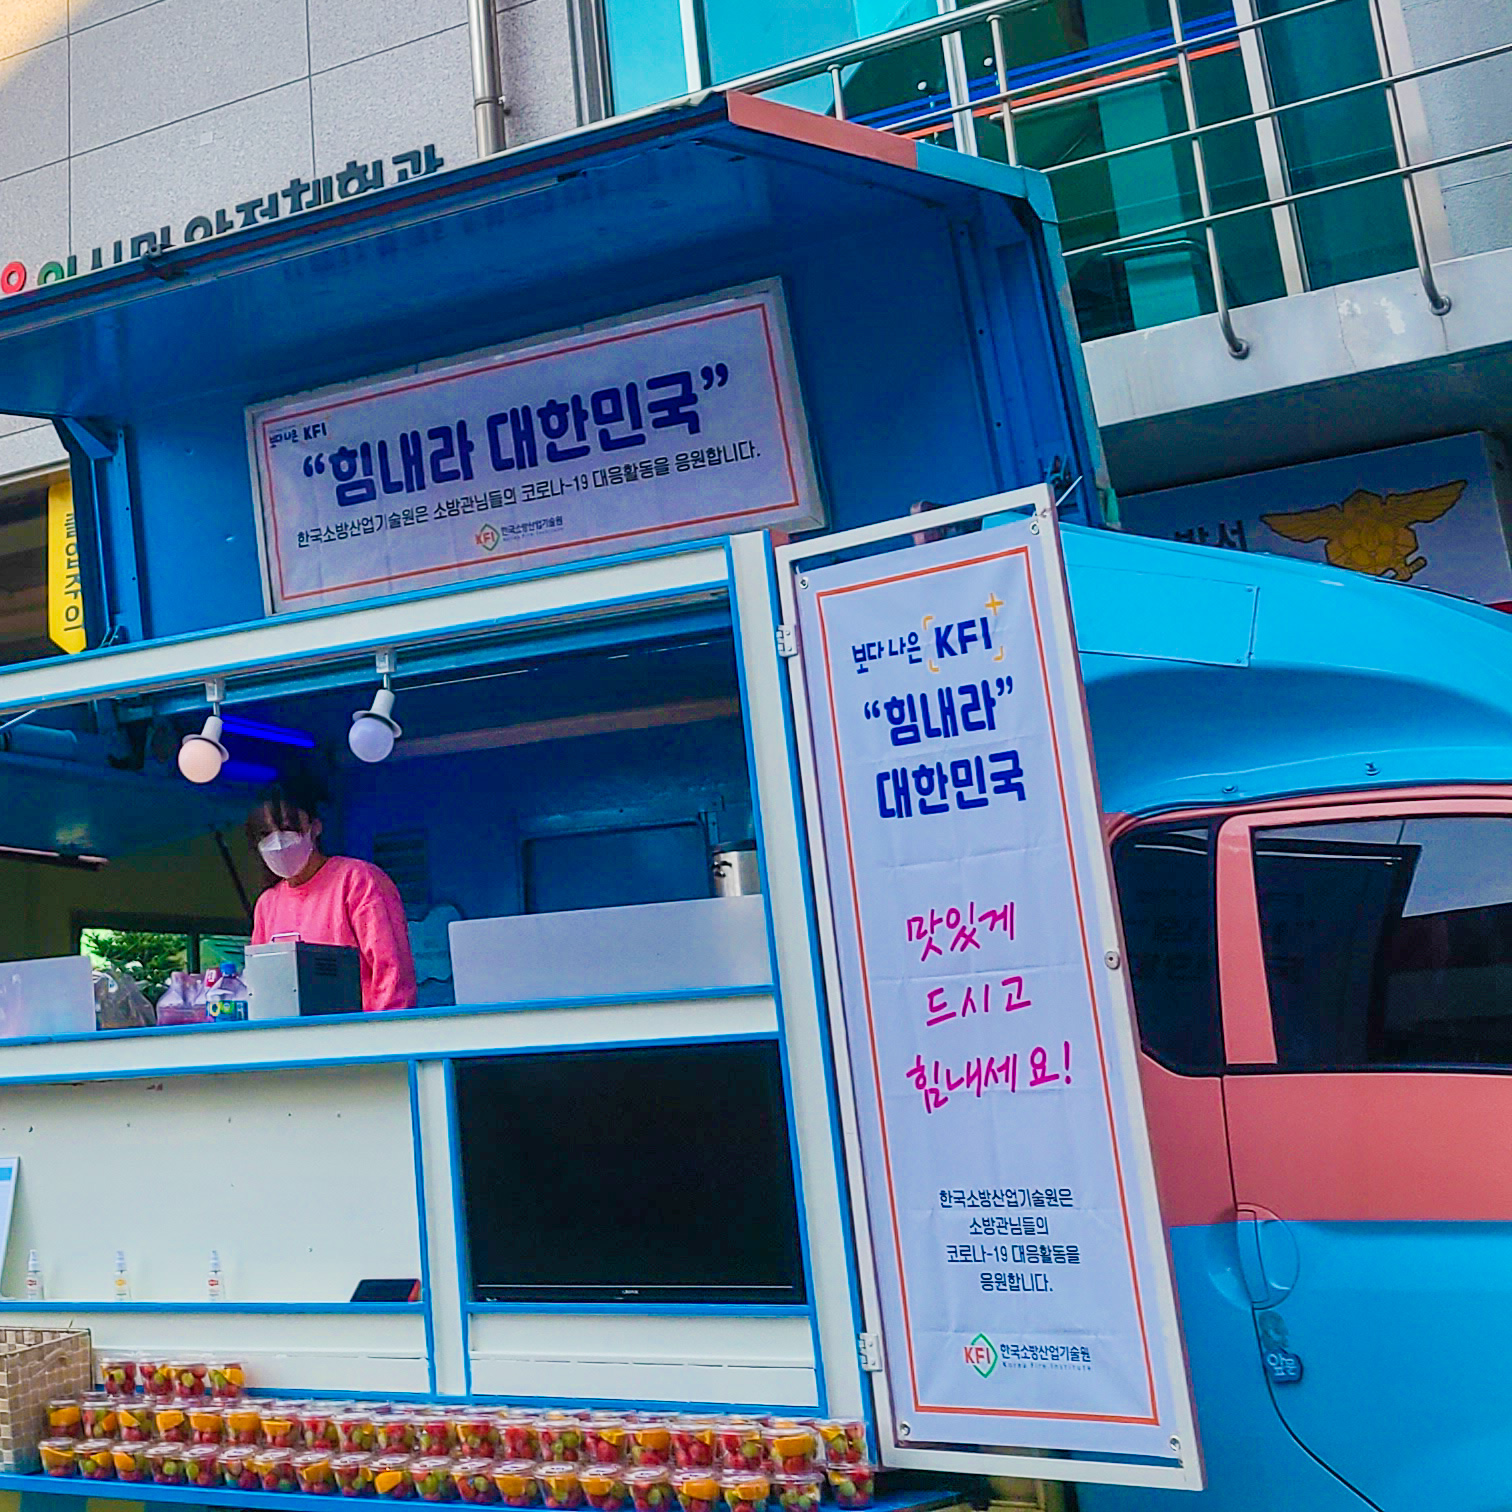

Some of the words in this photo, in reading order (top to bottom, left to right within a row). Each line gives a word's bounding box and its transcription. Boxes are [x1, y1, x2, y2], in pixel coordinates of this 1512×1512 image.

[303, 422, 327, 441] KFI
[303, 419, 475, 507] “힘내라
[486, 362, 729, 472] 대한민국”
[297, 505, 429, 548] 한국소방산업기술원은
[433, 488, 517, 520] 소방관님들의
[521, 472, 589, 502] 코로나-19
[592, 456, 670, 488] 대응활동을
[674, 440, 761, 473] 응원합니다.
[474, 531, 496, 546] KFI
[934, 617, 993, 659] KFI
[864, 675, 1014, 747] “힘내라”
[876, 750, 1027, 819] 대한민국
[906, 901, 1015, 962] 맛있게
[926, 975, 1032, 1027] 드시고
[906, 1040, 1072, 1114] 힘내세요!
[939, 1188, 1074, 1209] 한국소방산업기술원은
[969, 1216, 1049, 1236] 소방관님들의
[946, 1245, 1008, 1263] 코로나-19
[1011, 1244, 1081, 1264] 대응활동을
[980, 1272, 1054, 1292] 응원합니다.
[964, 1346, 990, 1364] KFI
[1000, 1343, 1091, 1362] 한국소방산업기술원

※

- **Task to carry out**: Return every entry unchanged and skip the pictures.

- **Response to this exercise**:
Some of the words in this photo, in reading order (top to bottom, left to right within a row). Each line gives a word's bounding box and its transcription. Boxes are [x1, y1, x2, y2], in pixel coordinates of this 1512×1512 image.

[303, 422, 327, 441] KFI
[303, 419, 475, 507] “힘내라
[486, 362, 729, 472] 대한민국”
[297, 505, 429, 548] 한국소방산업기술원은
[433, 488, 517, 520] 소방관님들의
[521, 472, 589, 502] 코로나-19
[592, 456, 670, 488] 대응활동을
[674, 440, 761, 473] 응원합니다.
[474, 531, 496, 546] KFI
[934, 617, 993, 659] KFI
[864, 675, 1014, 747] “힘내라”
[876, 750, 1027, 819] 대한민국
[906, 901, 1015, 962] 맛있게
[926, 975, 1032, 1027] 드시고
[906, 1040, 1072, 1114] 힘내세요!
[939, 1188, 1074, 1209] 한국소방산업기술원은
[969, 1216, 1049, 1236] 소방관님들의
[946, 1245, 1008, 1263] 코로나-19
[1011, 1244, 1081, 1264] 대응활동을
[980, 1272, 1054, 1292] 응원합니다.
[964, 1346, 990, 1364] KFI
[1000, 1343, 1091, 1362] 한국소방산업기술원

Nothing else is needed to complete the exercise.